### PROBLEM TO SOLVE
Make an exact copy of the records below, excluding images.
=-=-=-=-=
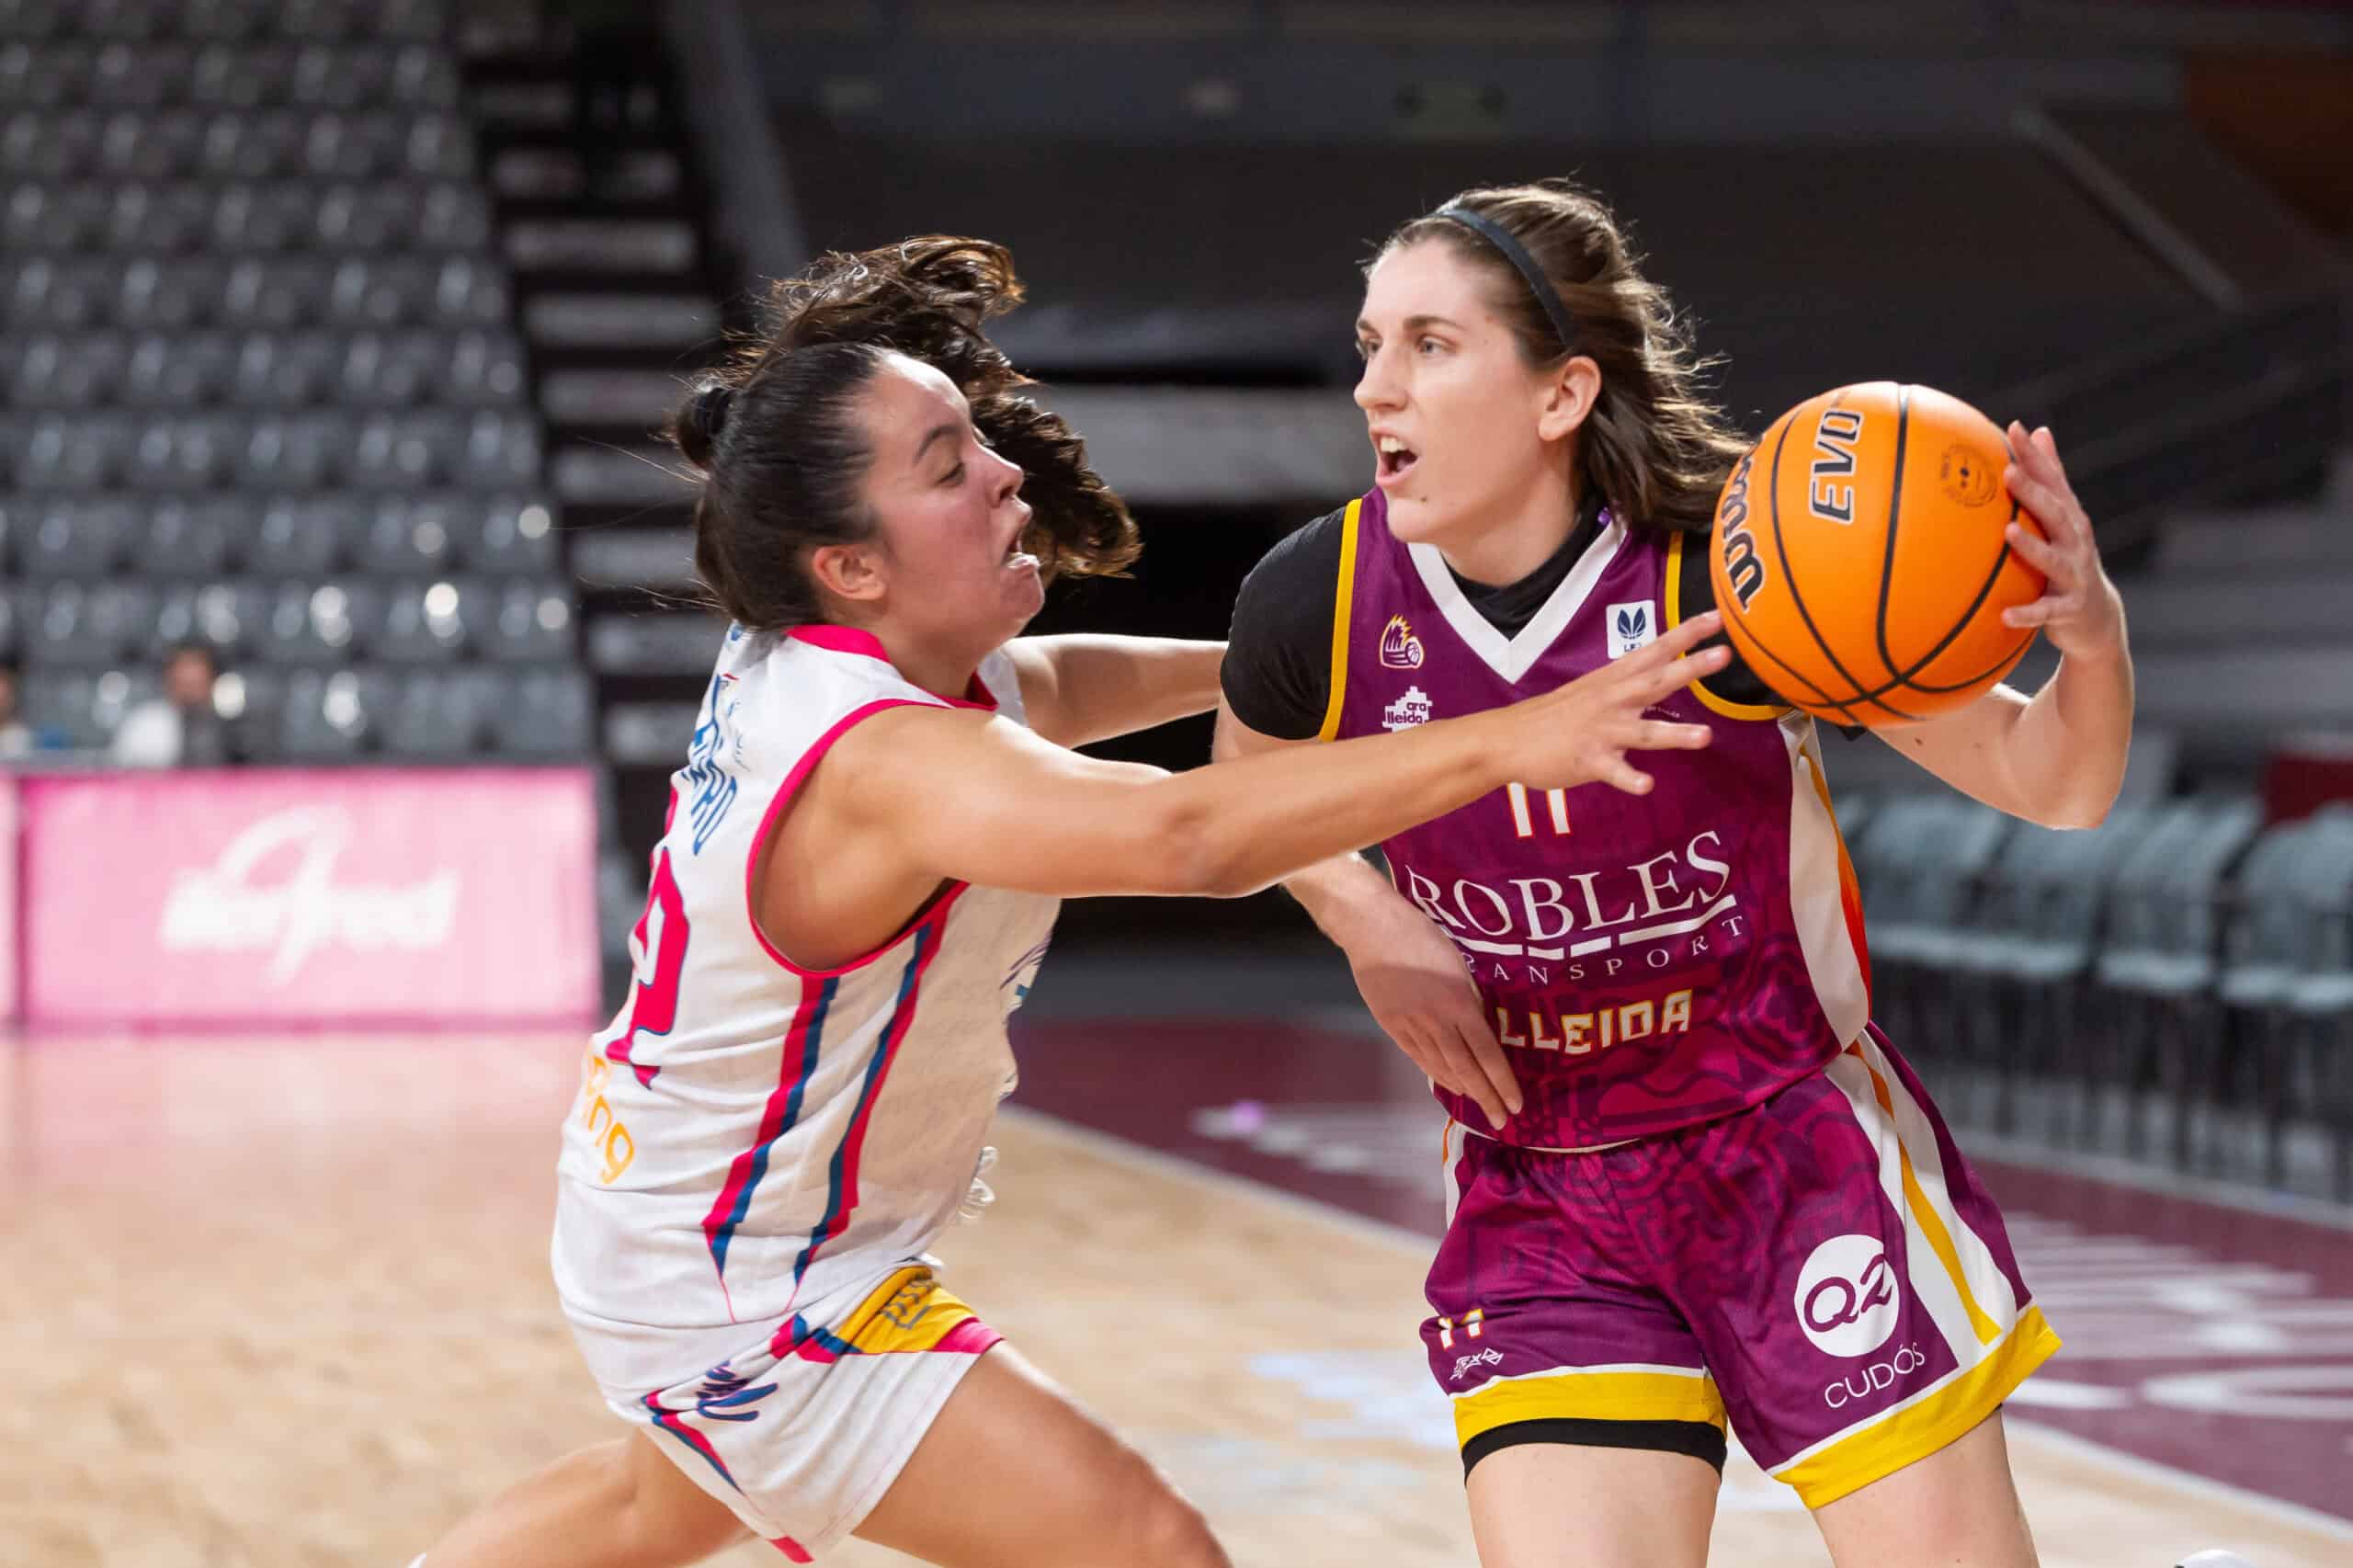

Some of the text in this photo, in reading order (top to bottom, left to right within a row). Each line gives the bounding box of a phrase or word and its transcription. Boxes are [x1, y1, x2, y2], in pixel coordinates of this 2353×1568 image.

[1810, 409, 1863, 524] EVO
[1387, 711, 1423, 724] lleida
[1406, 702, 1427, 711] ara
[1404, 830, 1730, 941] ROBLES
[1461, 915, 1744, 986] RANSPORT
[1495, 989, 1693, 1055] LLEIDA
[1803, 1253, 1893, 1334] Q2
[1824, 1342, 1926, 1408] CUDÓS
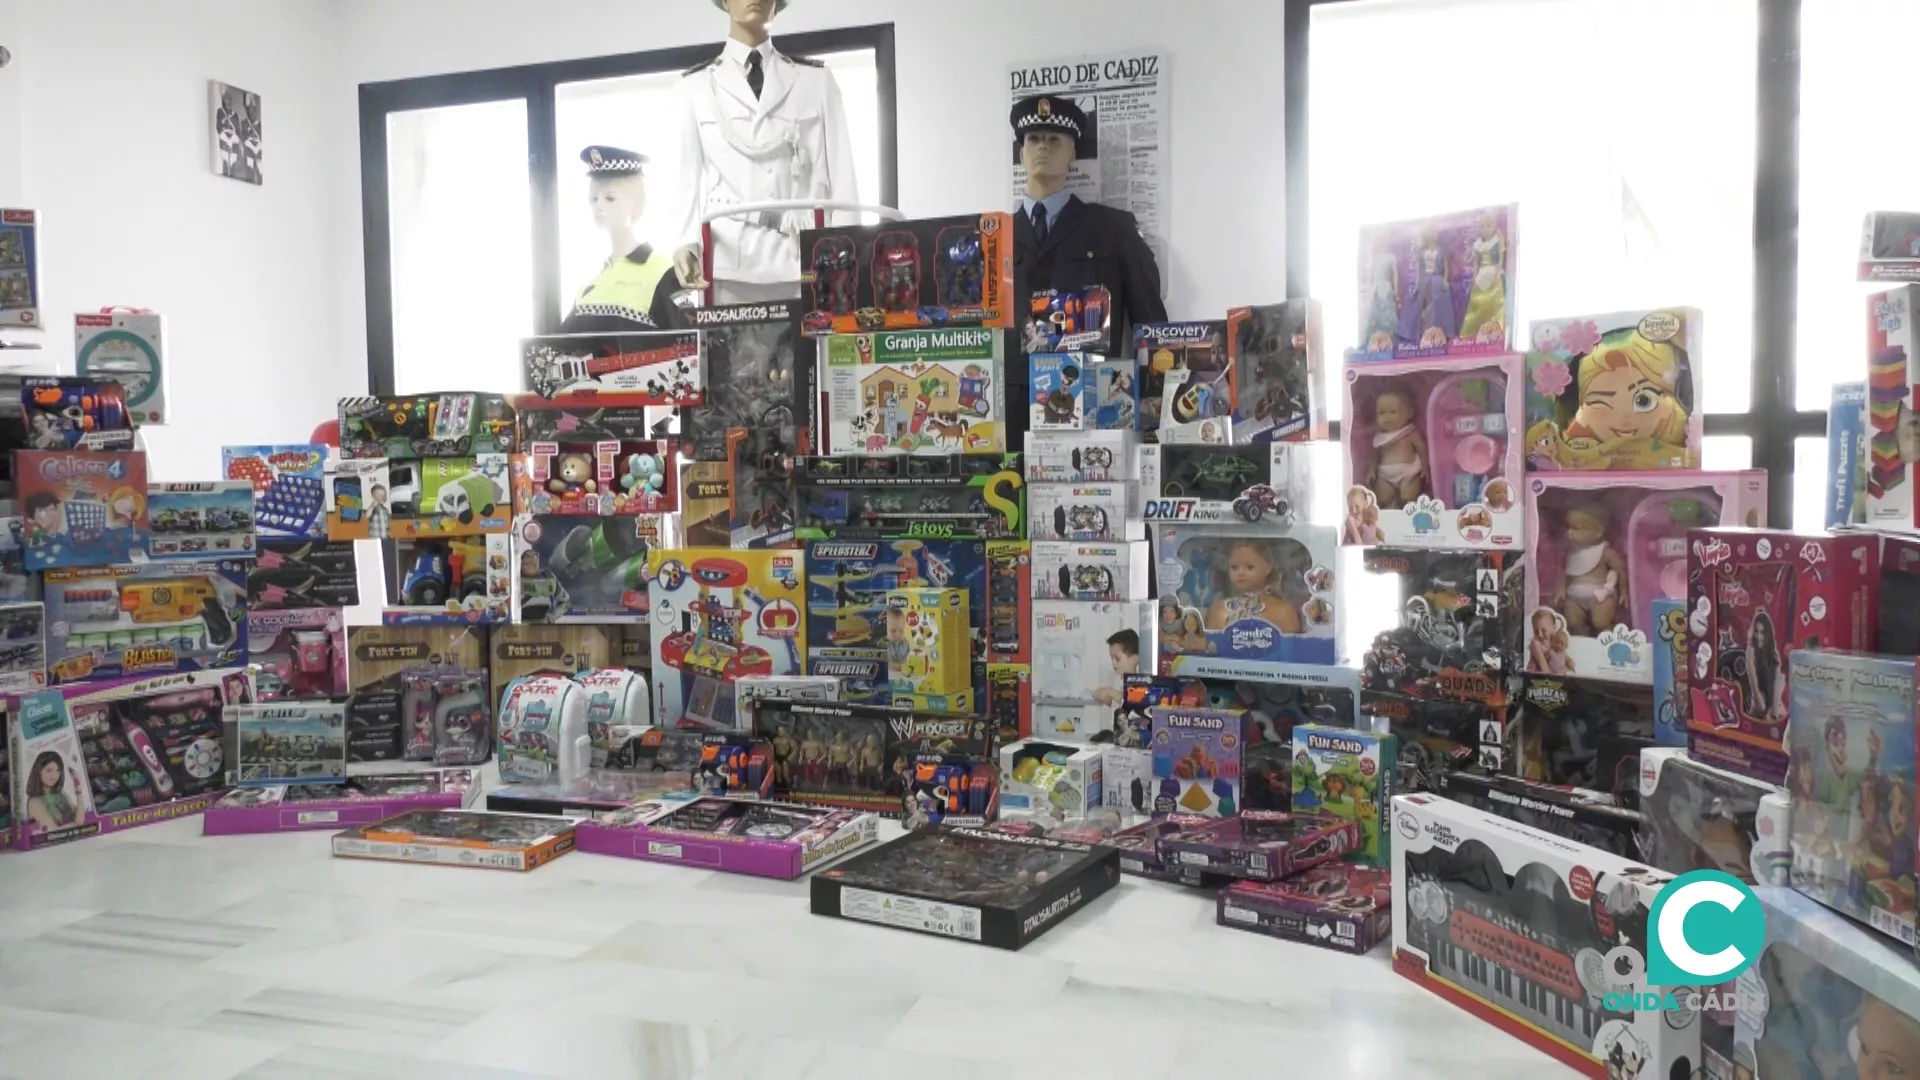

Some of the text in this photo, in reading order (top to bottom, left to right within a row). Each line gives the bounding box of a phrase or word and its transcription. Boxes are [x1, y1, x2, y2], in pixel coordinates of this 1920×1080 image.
=-=-=-=-=
### EXPECTED OUTPUT
Some of the text in this photo, in reading order (top to bottom, left to right within a row). Each line gives the bounding box of a phrase or word and its transcription. Boxes are [x1, y1, x2, y2], in pixel coordinates of this 2353×1568 image.

[1810, 409, 1863, 524] EVO
[1387, 711, 1423, 724] lleida
[1406, 702, 1427, 711] ara
[1404, 830, 1730, 941] ROBLES
[1461, 915, 1744, 986] RANSPORT
[1495, 989, 1693, 1055] LLEIDA
[1803, 1253, 1893, 1334] Q2
[1824, 1342, 1926, 1408] CUDÓS

Some of the text in this photo, in reading order (top to bottom, left to right within a row). Each line gives the bounding box of a phrase or word and its transcription. Boxes are [x1, y1, x2, y2], in pixel coordinates of this 1920×1080 image.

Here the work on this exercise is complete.